Lectures and seminars MEB faculty event: Johanna Simin and Ina Schuppe Koistinen from The Centre for Translational Microbiome Research (CTMR)
Title: Challenges in microbiome data analysis
Speaker: Johanna Simin and Ina Schuppe Koistinen from The Centre for Translational Microbiome Research (CTMR)
Host: Pär Sparén
Challenges in microbiome data analysis
Ina Schuppe Koistinen, Fredrik Boulund, Johanna Simin, Lars Engstrand
The Centre for Translational Microbiome Research (CTMR) builds on a deep understanding of translational microbiome research and has established a broad technical, biological, clinical and epidemiological platform for studying complex microbiological communities in well-defined human materials. CTMR forms a solid foundation for understanding the contribution of the microbiome to normal physiology and pathophysiology and opens opportunities for development of novel therapies in gastroenterology and women’s health. CTMR’s research in women’s health aims to describe the microbiome in healthy women of reproductive age as well as in pregnant women. Large clinical cohorts have been collected to investigates associations between the vaginal, fecal and oral microbiota and the risk for diseases, such as HPV infection, pregnancy complications, recurrent pregnancy loss and endometriosis. In addition, CTMR also works with large nationwide health and administration data registries, with a primary focus on studying the long-term effects of prescription drugs on the risk of cancer and Clostridioides difficile infection, recurrence, and mortality. In the women’s health area, the association of prescription drugs with multiple outcomes among mothers and children are studied.

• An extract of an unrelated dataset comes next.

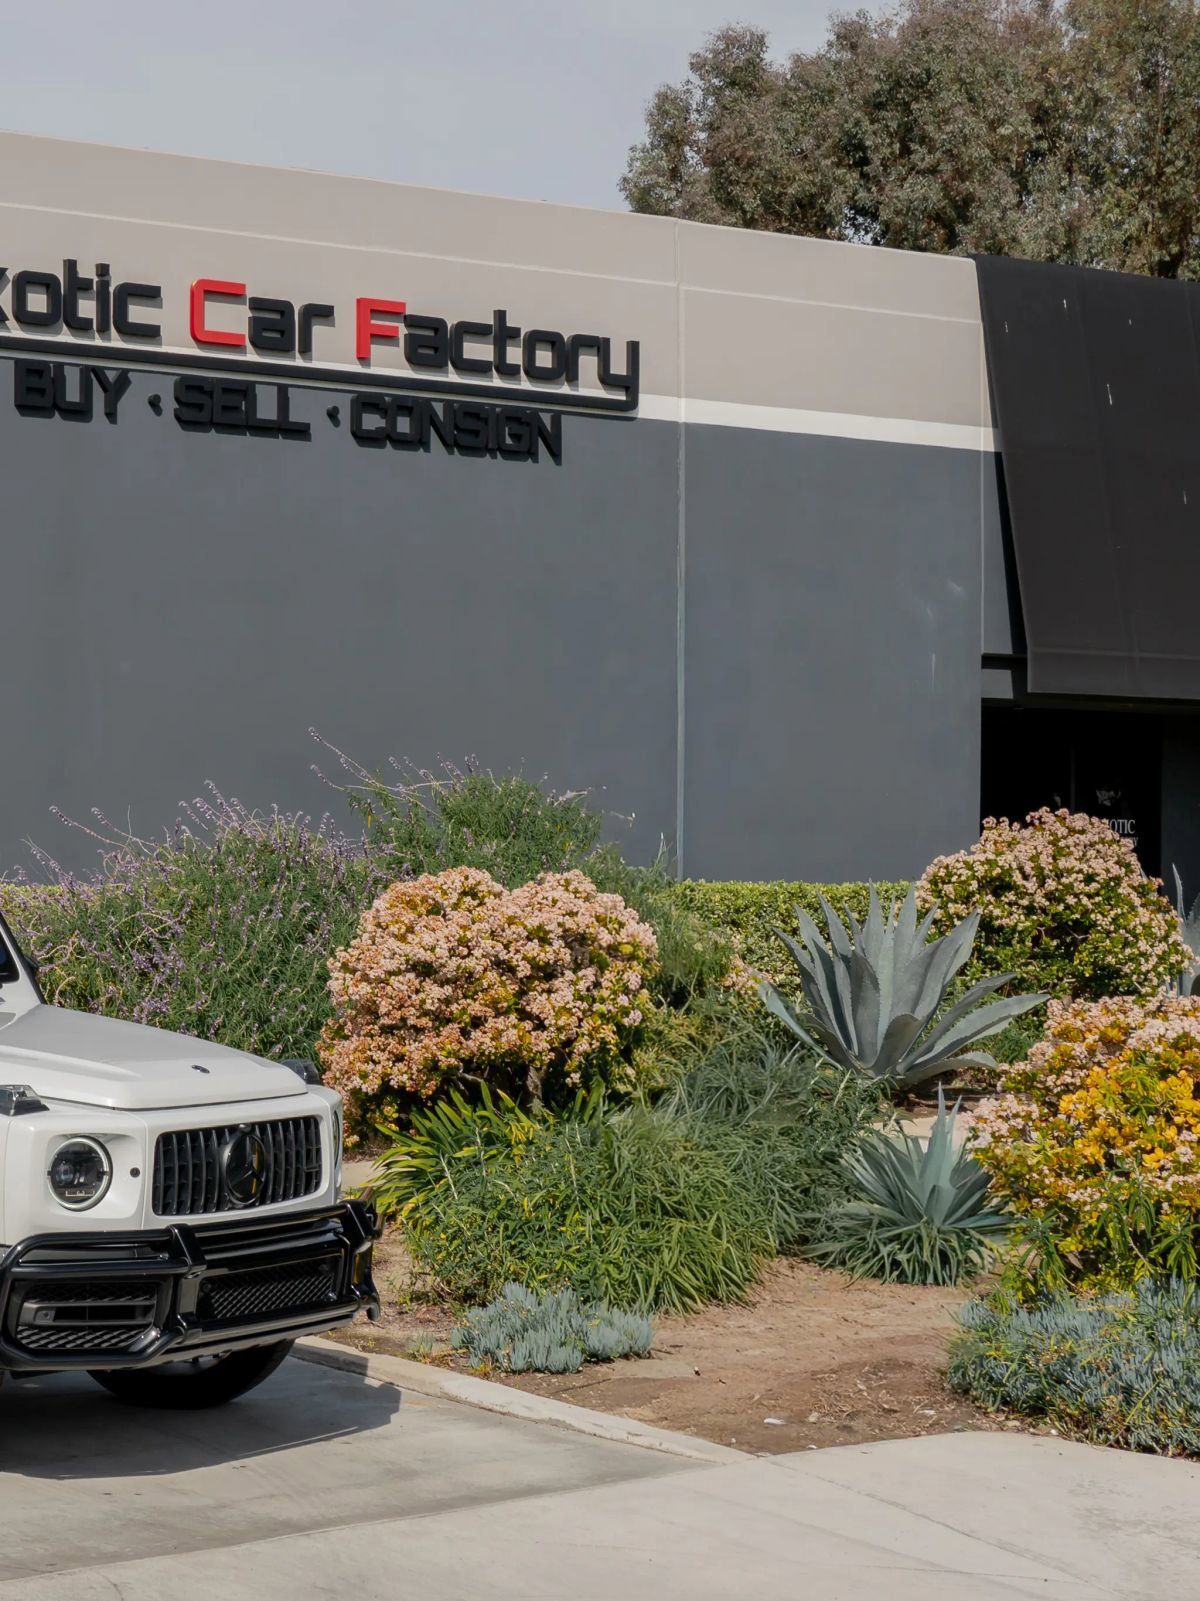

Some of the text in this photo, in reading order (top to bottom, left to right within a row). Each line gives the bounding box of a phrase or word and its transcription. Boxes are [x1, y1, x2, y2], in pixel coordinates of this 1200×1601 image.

Metagenomic microbiome data consists of millions of observations of fragments of the constituent microbial genomes, with varying forms of noise applied to the measurements in the form of incorrect nucleotide base calls, uneven representations of the underlying distribution of genomic material, etc. Often, the observations are represented as relative abundances computed from observed feature counts, which are inherently sparse and compositional. The interpretation of metagenomic data is therefore non-trivial and dependent on dedicated computational and statistical methods that can handle the unique properties of the data. While the microbiome research community has put efforts into developing statistical frameworks and effective tools to handle these challenges, work still remains to develop and establish robust statistical methods to analyze microbiome data collected according to common study design patterns.
Our presentation will highlight the challenges related to the complexity of the multidimensional data generated from large clinical cohorts and modelling of drug-microbiome interactions. We wish to explore possibilities for a future collaboration with MEB researchers.